Spatial decoupling-engineered MOF-based nanofibrous membranes: in situ construction of a self-alkaline microenvironment for real-time nerve agent simulant degradation

Abstract

Chemical warfare agents pose a severe threat to human life and global security due to their extremely high toxicity, rapid lethality, and potential for mass destruction. Current protective materials relying on physical barriers and passive adsorption struggle to balance immediate protection efficacy and long-term wear comfort. To address this critical challenge, herein, we report a spatial functional decoupling design strategy for developing a sandwich-structured wearable nanofibrous membrane with active capture, in situ detoxification, and thermal-moisture comfort via a scalable synergistic electrospinning–electrospraying technique for emergency defense against nerve agent simulants.
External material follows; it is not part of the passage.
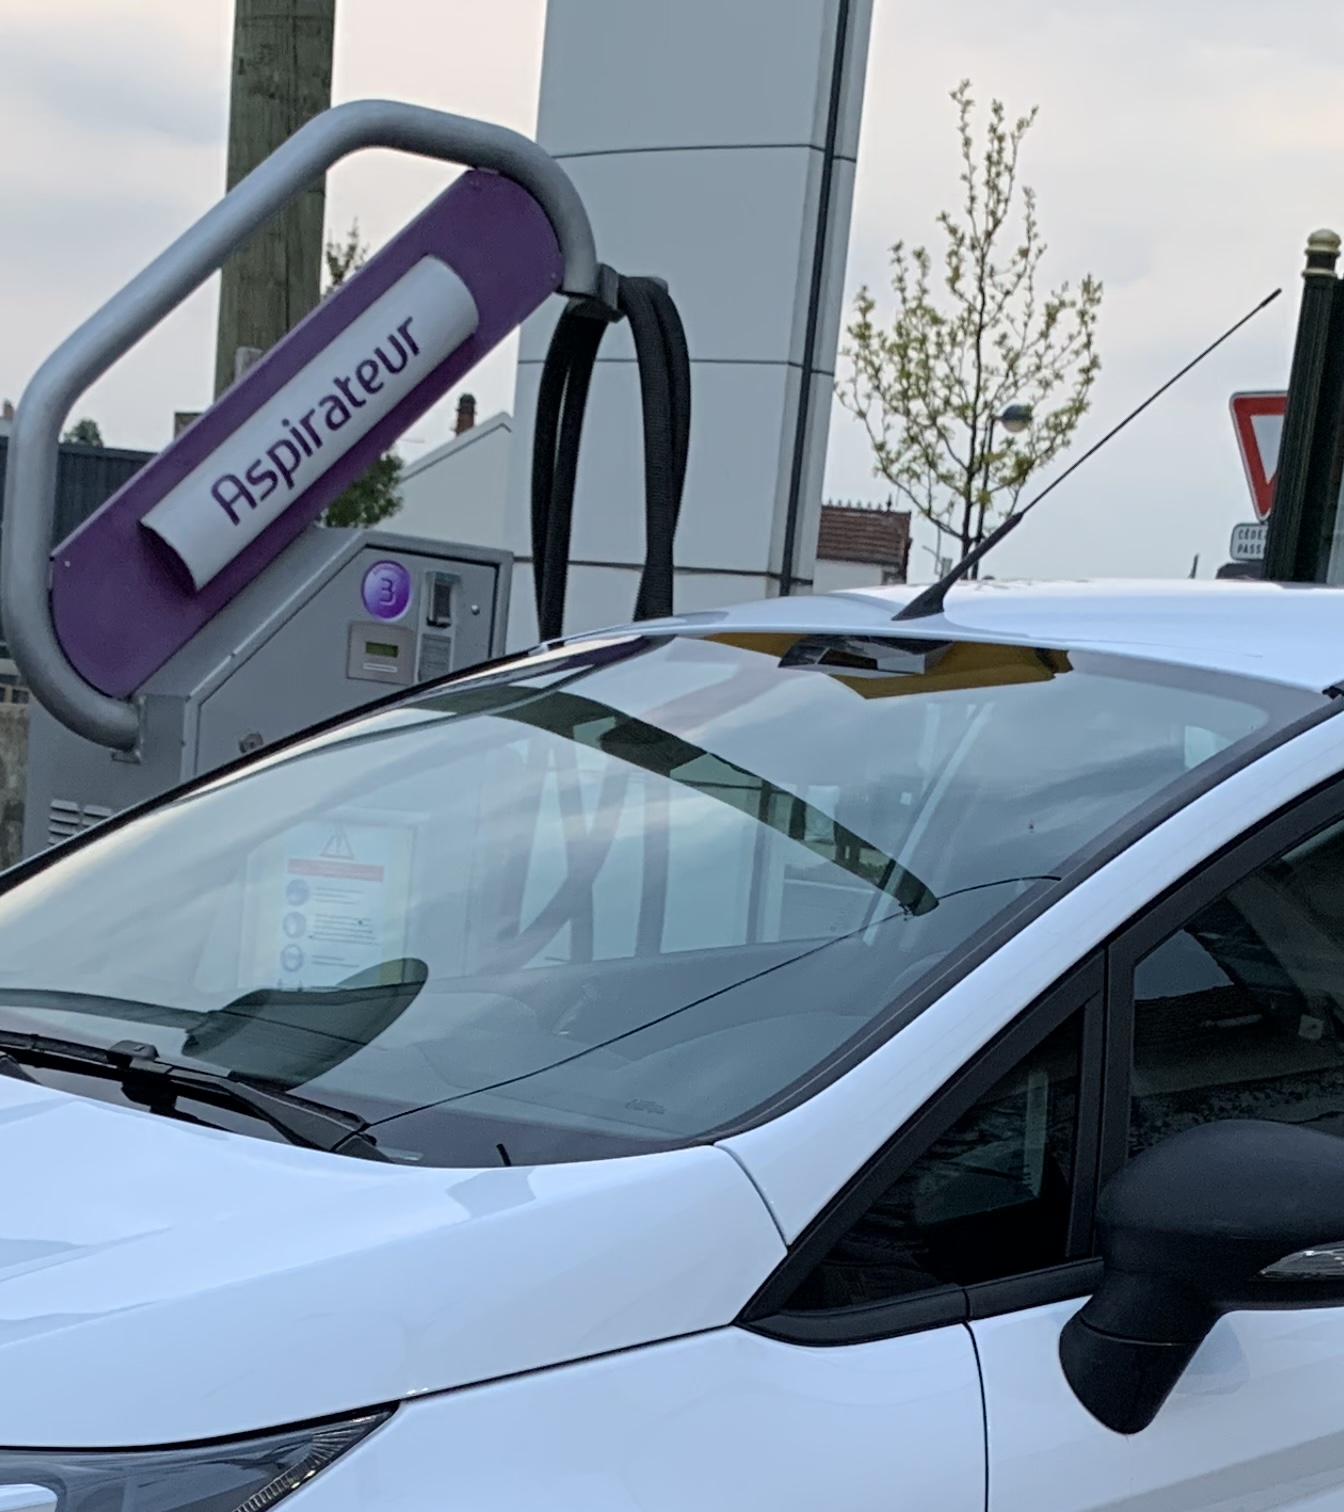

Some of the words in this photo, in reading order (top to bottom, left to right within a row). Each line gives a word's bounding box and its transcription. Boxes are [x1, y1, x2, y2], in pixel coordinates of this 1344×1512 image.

[210, 316, 420, 526] Aspirateur
[1238, 527, 1267, 540] CÉDE
[1237, 543, 1262, 555] PASS
[380, 577, 396, 606] 3
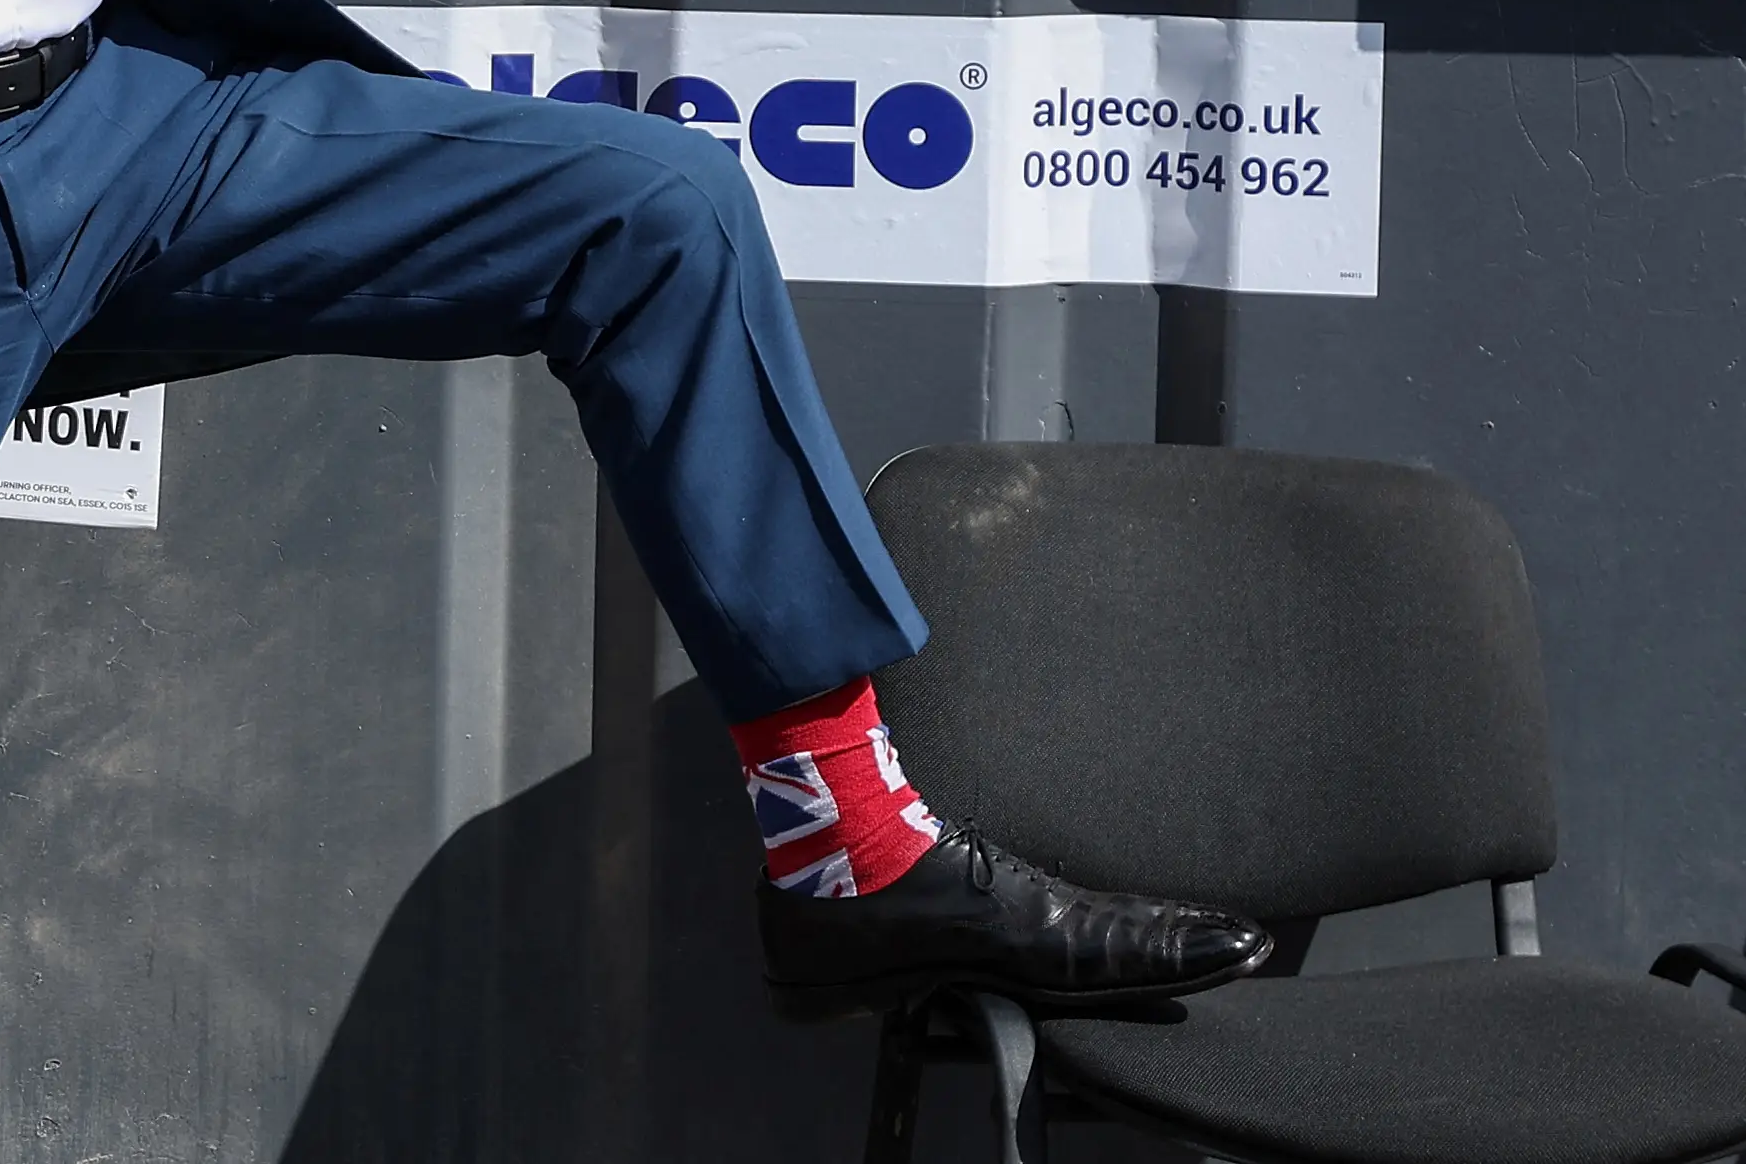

The core of this design is assigning the waterproof-breathable barrier and self-sustained alkaline-catalyzed degradation functions to distinct domains: outer layers use hydrophobic thermoplastic polyurethane to construct a waterproof-breathable dual barrier, while metal–organic framework nanoparticles on nanofibers enable efficient agent capture and rapid mass transfer, ensuring superior physical protection and wear comfort; the middle layer leverages the strong synergistic effect between polyethyleneimine (a non-volatile alkaline source) and metal–organic framework Lewis acid sites, achieving real-time detoxification of the nerve agent simulant DMMP with a half-life of 6.18 ± 0.2 min. Moreover, the seamlessly integrated trilayer architecture endows the membrane with outstanding mechanical properties, guaranteeing long-term durability under harsh conditions. This work provides an innovative design strategy for next-generation comfortable wearable self-decontaminating equipment.